This paper proposes a statistical model and a conceptual framework to estimate inflation volatility assuming rational inattention, where the decay in the level of attention reflects the arrival of news in the market. We estimate trend inflation and the conditional inflation volatility for Germany, Spain, the euro area and the United States using monthly data from January 2002 to March 2022 and test whether inflation was equal to or below 2% in this period in these regions. We decompose inflation volatility into positive and negative surprise components and characterise different inflation volatility scenarios during the Great Financial Crisis, the Sovereign Debt Crisis, and the post-COVID period. Our volatility measure outperforms the GARCH(1,1) model and the rolling standard deviation in one-step ahead volatility forecasts both in-sample and out-of-sample.

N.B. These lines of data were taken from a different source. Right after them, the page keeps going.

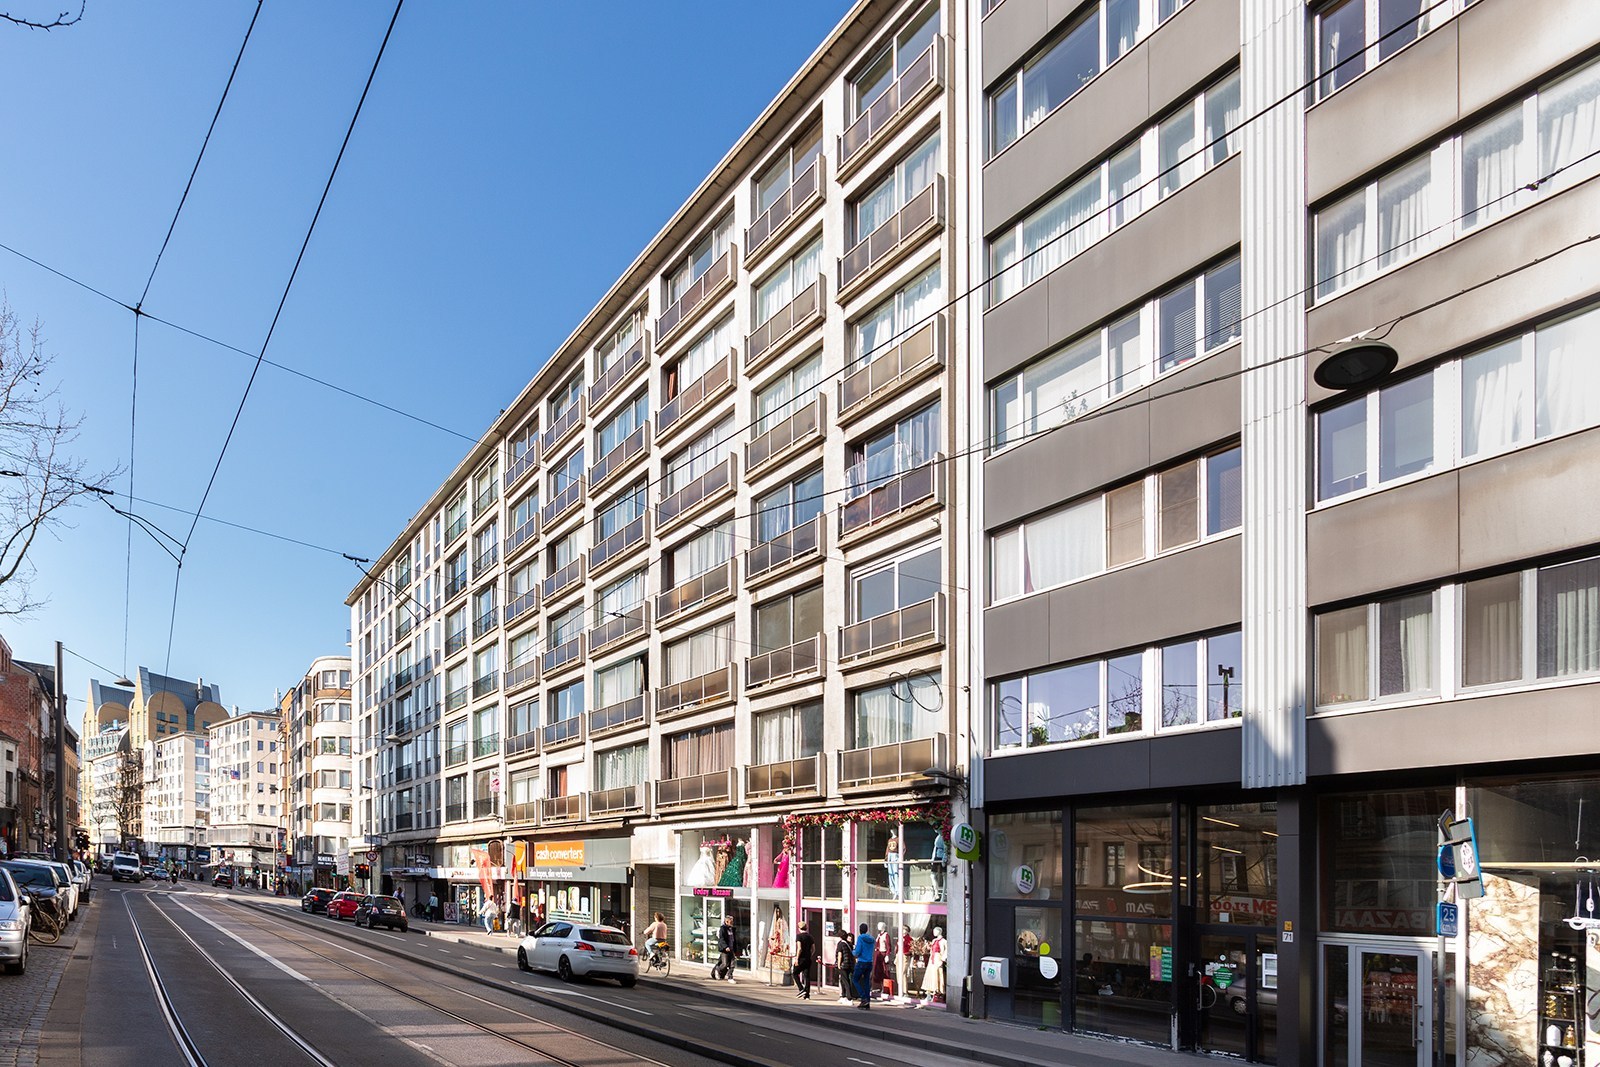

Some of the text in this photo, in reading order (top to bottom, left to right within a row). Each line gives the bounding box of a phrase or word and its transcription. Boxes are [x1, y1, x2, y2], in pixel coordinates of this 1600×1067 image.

[536, 845, 583, 860] cash converters
[1442, 907, 1456, 922] 25
[1283, 932, 1292, 941] 71
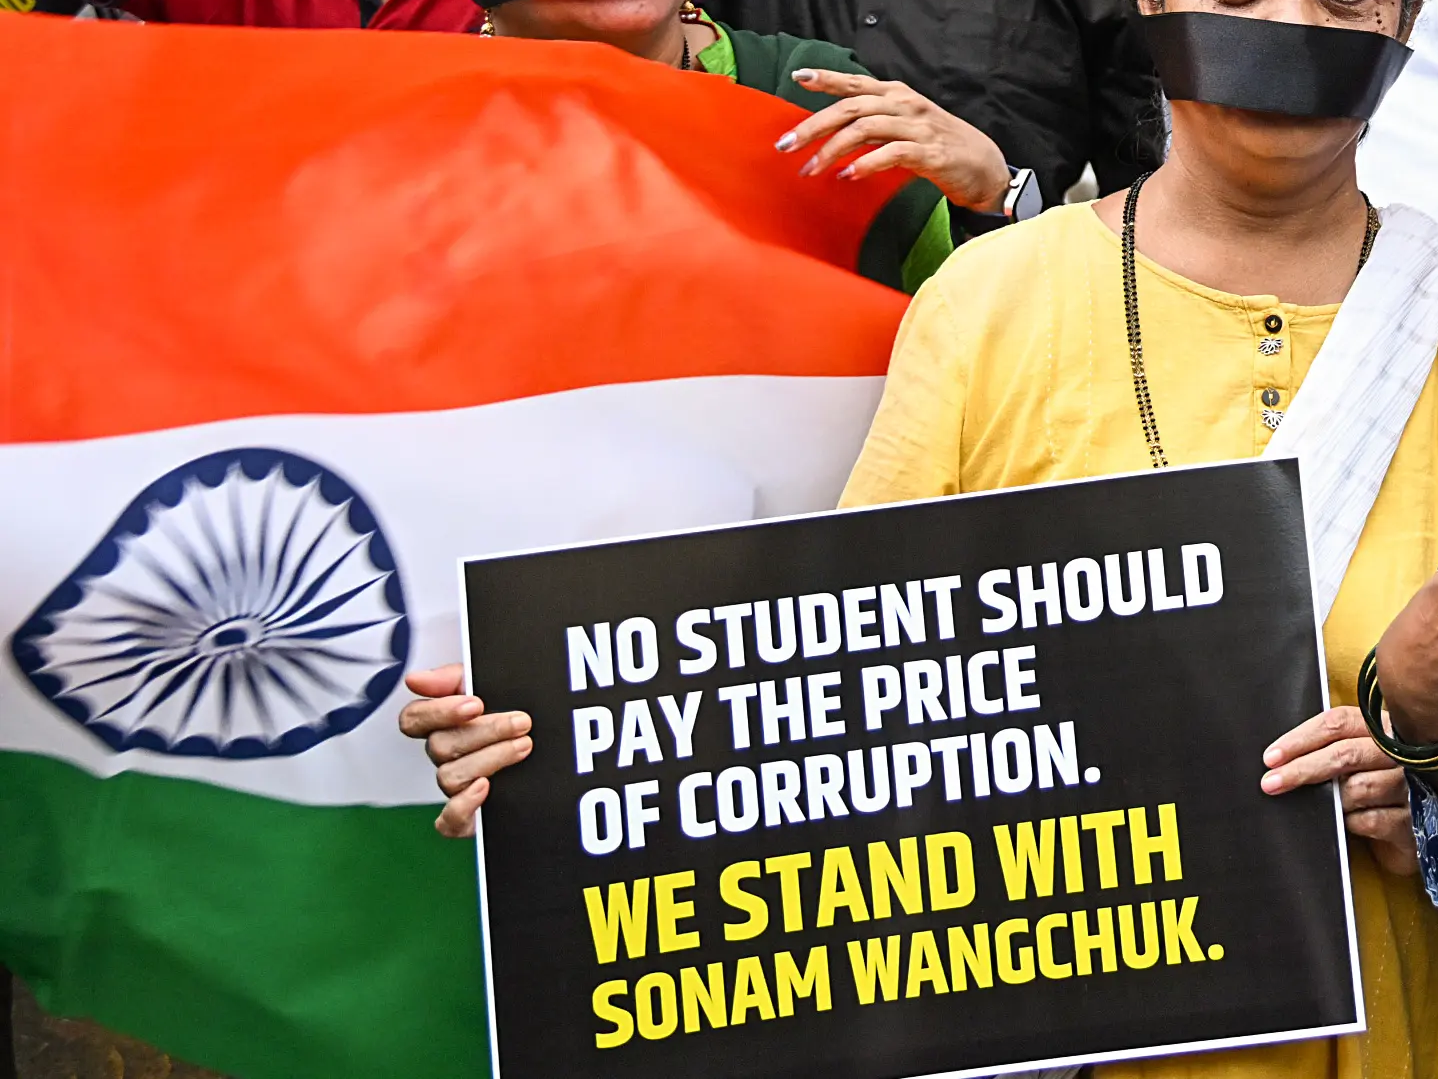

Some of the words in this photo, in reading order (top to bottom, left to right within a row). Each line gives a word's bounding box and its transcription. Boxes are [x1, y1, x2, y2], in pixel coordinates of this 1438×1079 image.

[566, 617, 660, 692] NO
[675, 574, 963, 676] STUDENT
[978, 541, 1226, 636] SHOULD
[571, 689, 704, 776] PAY
[718, 662, 846, 752] THE
[863, 644, 1042, 732] PRICE
[579, 783, 661, 857] OF
[676, 720, 1102, 839] CORRUPTION.
[582, 869, 701, 965] WE
[720, 831, 977, 943] STAND
[992, 802, 1184, 901] WITH
[591, 943, 832, 1050] SONAM
[848, 895, 1226, 1007] WANGCHUK.
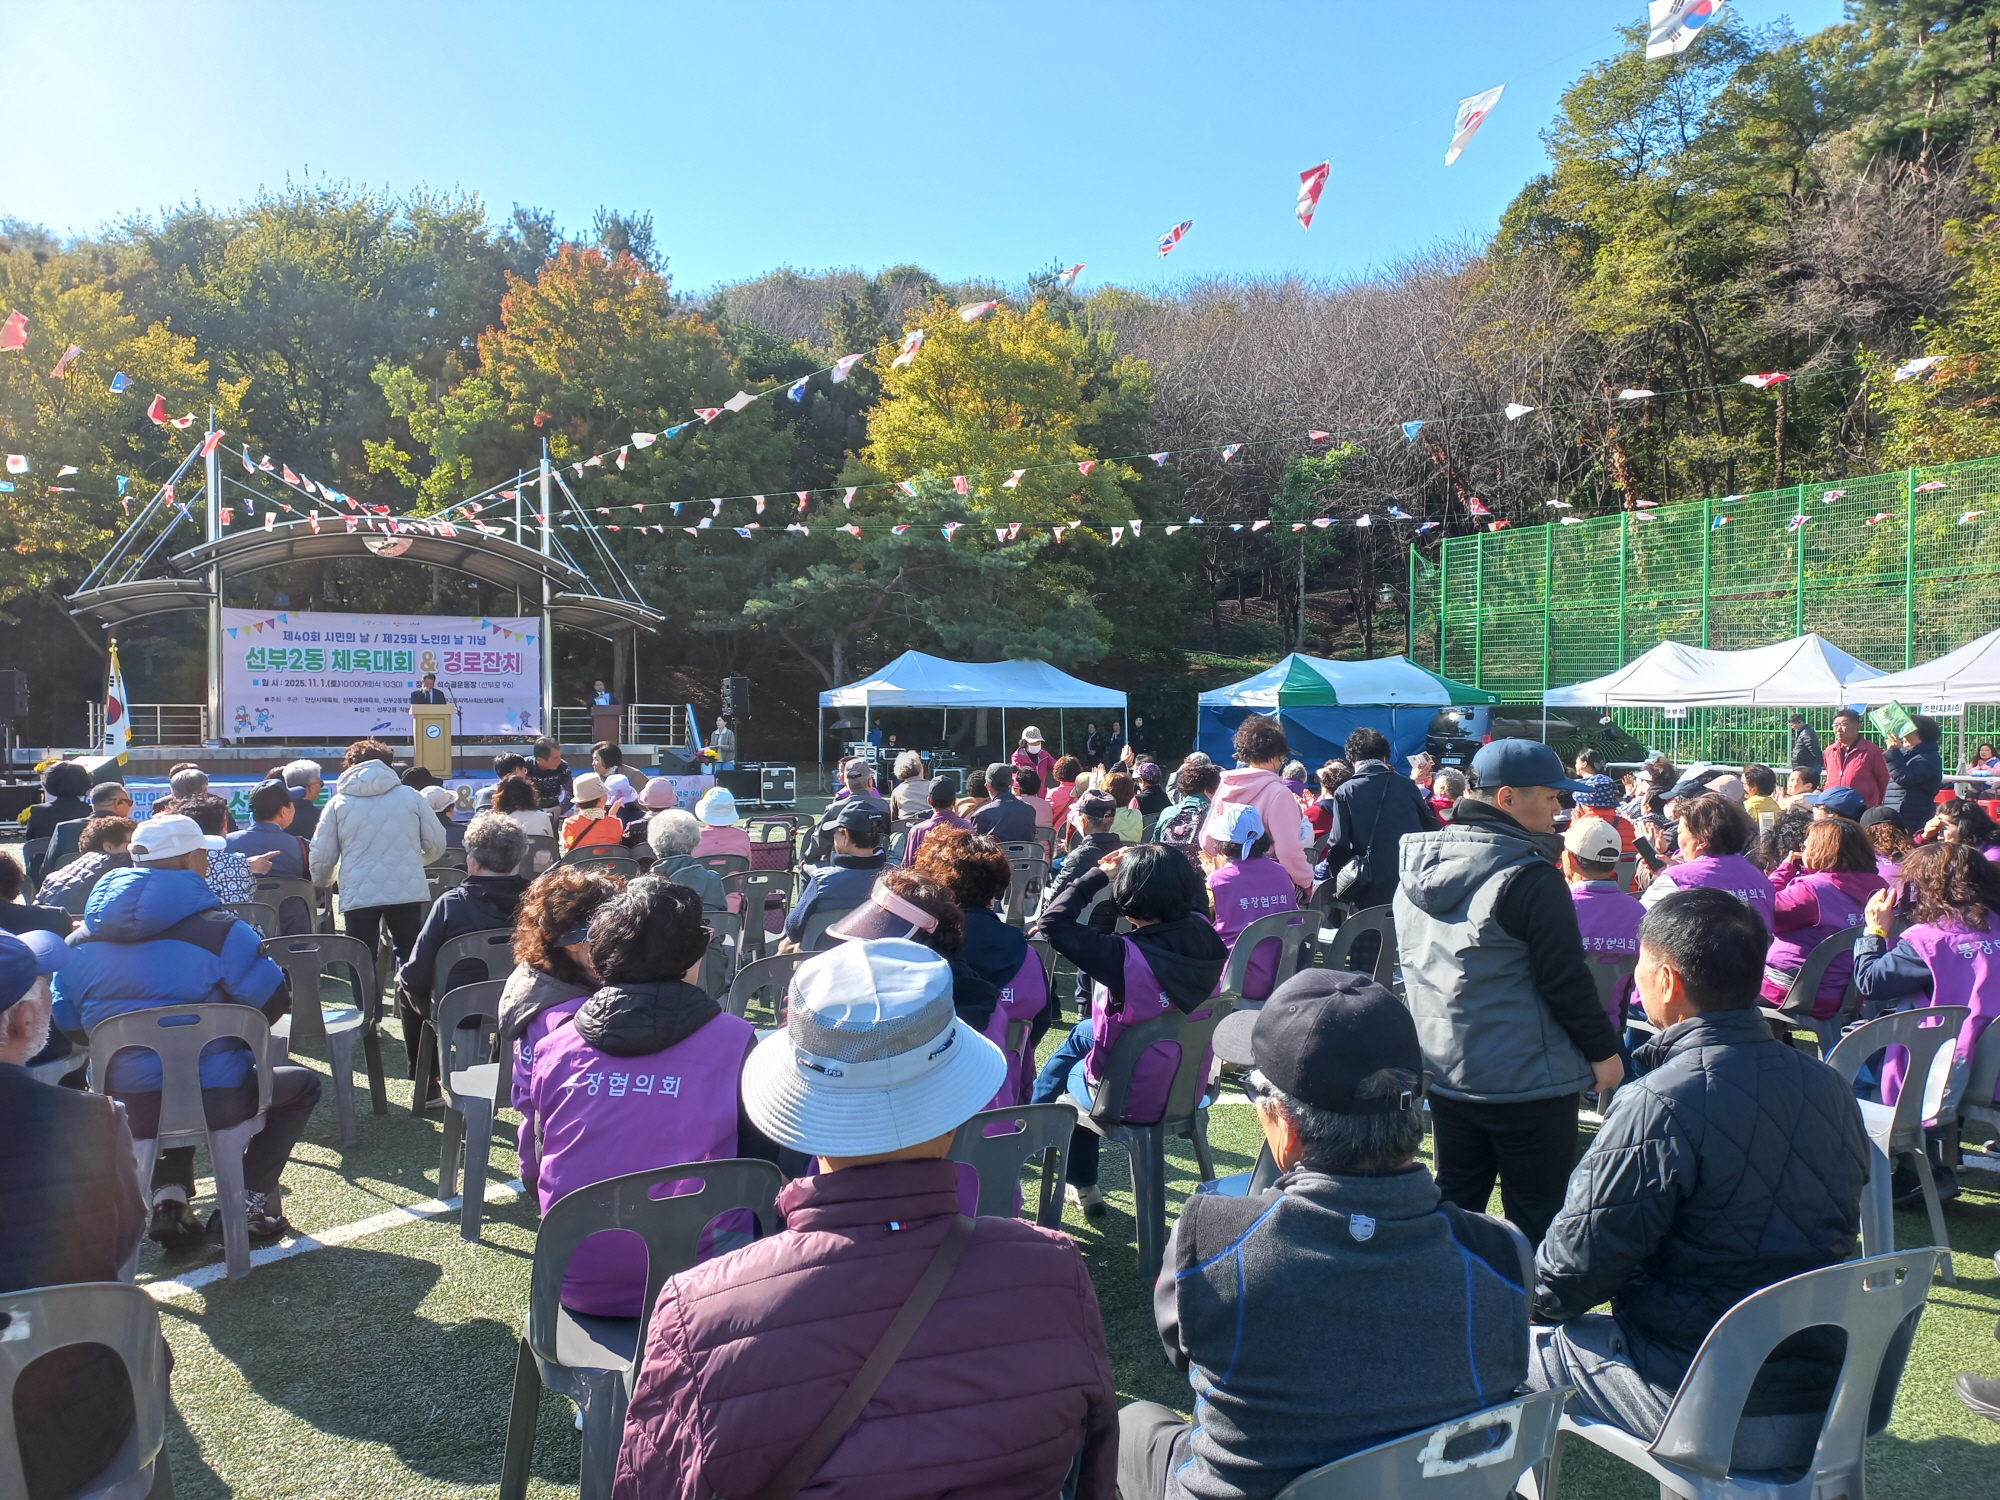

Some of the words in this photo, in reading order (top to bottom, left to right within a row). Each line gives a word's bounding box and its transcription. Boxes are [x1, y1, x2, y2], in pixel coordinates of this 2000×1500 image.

[283, 630, 320, 642] 제40회
[324, 631, 356, 643] 시민의
[359, 632, 370, 643] 날
[382, 633, 417, 645] 제29회
[421, 634, 450, 645] 노인의
[454, 634, 464, 645] 날
[467, 635, 487, 646] 기념
[245, 646, 324, 671] 선부2동
[331, 648, 413, 672] 체육대회
[420, 650, 437, 672] &
[443, 651, 520, 673] 경로잔치
[284, 679, 307, 688] 2025.
[437, 680, 477, 689] 석수골운동장
[502, 681, 514, 689] 96)
[1923, 703, 1963, 714] 주민자치회
[1239, 894, 1288, 910] 통장협의회
[567, 1071, 682, 1098] 장협의회

The methodology proposed in this article is appropriate for estimating the conditional volatility of macro-financial variables. We recommend the inclusion of this measure in inflation dynamics monitoring and forecasting exercises.

Suggested Citation

  • Alfredo García-Hiernaux & María T. González-Pérez & David E. Guerrero, 2023. "How to measure inFLAtion volatility. A note," Working Papers 2314, Banco de España.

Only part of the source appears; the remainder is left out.